* Problem:
Your answer must be the records below, reproduced exactly.

==========

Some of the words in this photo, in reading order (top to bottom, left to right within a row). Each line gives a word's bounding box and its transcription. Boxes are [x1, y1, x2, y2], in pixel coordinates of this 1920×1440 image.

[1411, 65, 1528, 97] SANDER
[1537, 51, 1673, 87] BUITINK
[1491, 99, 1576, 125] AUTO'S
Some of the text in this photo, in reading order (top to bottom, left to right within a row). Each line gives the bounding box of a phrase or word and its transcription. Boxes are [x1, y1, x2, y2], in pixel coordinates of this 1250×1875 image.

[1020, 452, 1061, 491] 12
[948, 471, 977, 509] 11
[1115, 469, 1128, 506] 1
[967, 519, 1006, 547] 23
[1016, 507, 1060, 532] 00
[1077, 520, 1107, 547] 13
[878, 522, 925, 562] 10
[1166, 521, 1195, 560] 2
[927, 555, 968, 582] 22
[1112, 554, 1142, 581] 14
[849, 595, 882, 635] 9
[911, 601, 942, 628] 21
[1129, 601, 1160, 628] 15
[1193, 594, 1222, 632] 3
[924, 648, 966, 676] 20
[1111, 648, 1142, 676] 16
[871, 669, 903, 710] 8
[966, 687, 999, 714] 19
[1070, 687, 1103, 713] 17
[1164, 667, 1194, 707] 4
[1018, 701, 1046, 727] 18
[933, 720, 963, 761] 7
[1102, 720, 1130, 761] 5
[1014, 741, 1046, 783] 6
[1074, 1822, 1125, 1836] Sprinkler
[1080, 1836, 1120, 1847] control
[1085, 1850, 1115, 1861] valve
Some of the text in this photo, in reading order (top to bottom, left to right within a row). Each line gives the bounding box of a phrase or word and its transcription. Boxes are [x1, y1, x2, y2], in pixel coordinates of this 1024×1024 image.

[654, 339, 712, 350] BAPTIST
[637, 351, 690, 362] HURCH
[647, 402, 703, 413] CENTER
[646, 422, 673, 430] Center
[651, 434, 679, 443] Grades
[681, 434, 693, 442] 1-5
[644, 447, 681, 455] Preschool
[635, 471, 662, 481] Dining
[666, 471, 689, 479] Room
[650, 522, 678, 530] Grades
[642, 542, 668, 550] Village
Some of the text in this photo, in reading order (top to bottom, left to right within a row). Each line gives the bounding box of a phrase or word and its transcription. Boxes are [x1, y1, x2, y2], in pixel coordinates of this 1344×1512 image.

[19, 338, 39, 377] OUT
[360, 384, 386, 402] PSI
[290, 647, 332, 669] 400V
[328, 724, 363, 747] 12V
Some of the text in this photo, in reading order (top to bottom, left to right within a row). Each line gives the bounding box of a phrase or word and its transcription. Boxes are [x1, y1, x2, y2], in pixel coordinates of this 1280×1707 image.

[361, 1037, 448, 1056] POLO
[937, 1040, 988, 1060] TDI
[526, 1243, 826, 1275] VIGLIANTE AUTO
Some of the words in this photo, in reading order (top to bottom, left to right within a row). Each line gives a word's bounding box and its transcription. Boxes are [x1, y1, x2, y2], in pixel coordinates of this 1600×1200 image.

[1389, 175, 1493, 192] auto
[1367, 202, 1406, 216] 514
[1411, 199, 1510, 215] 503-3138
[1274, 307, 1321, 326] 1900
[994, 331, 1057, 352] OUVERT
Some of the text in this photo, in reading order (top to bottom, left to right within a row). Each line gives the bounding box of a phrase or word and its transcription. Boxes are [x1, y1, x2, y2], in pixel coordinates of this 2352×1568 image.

==========

* Your response:
Some of the words in this photo, in reading order (top to bottom, left to right within a row). Each line gives a word's bounding box and its transcription. Boxes are [x1, y1, x2, y2], in pixel coordinates of this 1920×1440 image.

[1411, 65, 1528, 97] SANDER
[1537, 51, 1673, 87] BUITINK
[1491, 99, 1576, 125] AUTO'S
Some of the text in this photo, in reading order (top to bottom, left to right within a row). Each line gives the bounding box of a phrase or word and its transcription. Boxes are [x1, y1, x2, y2], in pixel coordinates of this 1250×1875 image.

[1020, 452, 1061, 491] 12
[948, 471, 977, 509] 11
[1115, 469, 1128, 506] 1
[967, 519, 1006, 547] 23
[1016, 507, 1060, 532] 00
[1077, 520, 1107, 547] 13
[878, 522, 925, 562] 10
[1166, 521, 1195, 560] 2
[927, 555, 968, 582] 22
[1112, 554, 1142, 581] 14
[849, 595, 882, 635] 9
[911, 601, 942, 628] 21
[1129, 601, 1160, 628] 15
[1193, 594, 1222, 632] 3
[924, 648, 966, 676] 20
[1111, 648, 1142, 676] 16
[871, 669, 903, 710] 8
[966, 687, 999, 714] 19
[1070, 687, 1103, 713] 17
[1164, 667, 1194, 707] 4
[1018, 701, 1046, 727] 18
[933, 720, 963, 761] 7
[1102, 720, 1130, 761] 5
[1014, 741, 1046, 783] 6
[1074, 1822, 1125, 1836] Sprinkler
[1080, 1836, 1120, 1847] control
[1085, 1850, 1115, 1861] valve
Some of the text in this photo, in reading order (top to bottom, left to right within a row). Each line gives the bounding box of a phrase or word and its transcription. Boxes are [x1, y1, x2, y2], in pixel coordinates of this 1024×1024 image.

[654, 339, 712, 350] BAPTIST
[637, 351, 690, 362] HURCH
[647, 402, 703, 413] CENTER
[646, 422, 673, 430] Center
[651, 434, 679, 443] Grades
[681, 434, 693, 442] 1-5
[644, 447, 681, 455] Preschool
[635, 471, 662, 481] Dining
[666, 471, 689, 479] Room
[650, 522, 678, 530] Grades
[642, 542, 668, 550] Village
Some of the text in this photo, in reading order (top to bottom, left to right within a row). Each line gives the bounding box of a phrase or word and its transcription. Boxes are [x1, y1, x2, y2], in pixel coordinates of this 1344×1512 image.

[19, 338, 39, 377] OUT
[360, 384, 386, 402] PSI
[290, 647, 332, 669] 400V
[328, 724, 363, 747] 12V
Some of the text in this photo, in reading order (top to bottom, left to right within a row). Each line gives the bounding box of a phrase or word and its transcription. Boxes are [x1, y1, x2, y2], in pixel coordinates of this 1280×1707 image.

[361, 1037, 448, 1056] POLO
[937, 1040, 988, 1060] TDI
[526, 1243, 826, 1275] VIGLIANTE AUTO
Some of the words in this photo, in reading order (top to bottom, left to right within a row). Each line gives a word's bounding box and its transcription. Boxes are [x1, y1, x2, y2], in pixel coordinates of this 1600×1200 image.

[1389, 175, 1493, 192] auto
[1367, 202, 1406, 216] 514
[1411, 199, 1510, 215] 503-3138
[1274, 307, 1321, 326] 1900
[994, 331, 1057, 352] OUVERT
Some of the text in this photo, in reading order (top to bottom, left to right within a row). Each line gives the bounding box of a phrase or word and its transcription. Boxes are [x1, y1, x2, y2], in pixel coordinates of this 2352×1568 image.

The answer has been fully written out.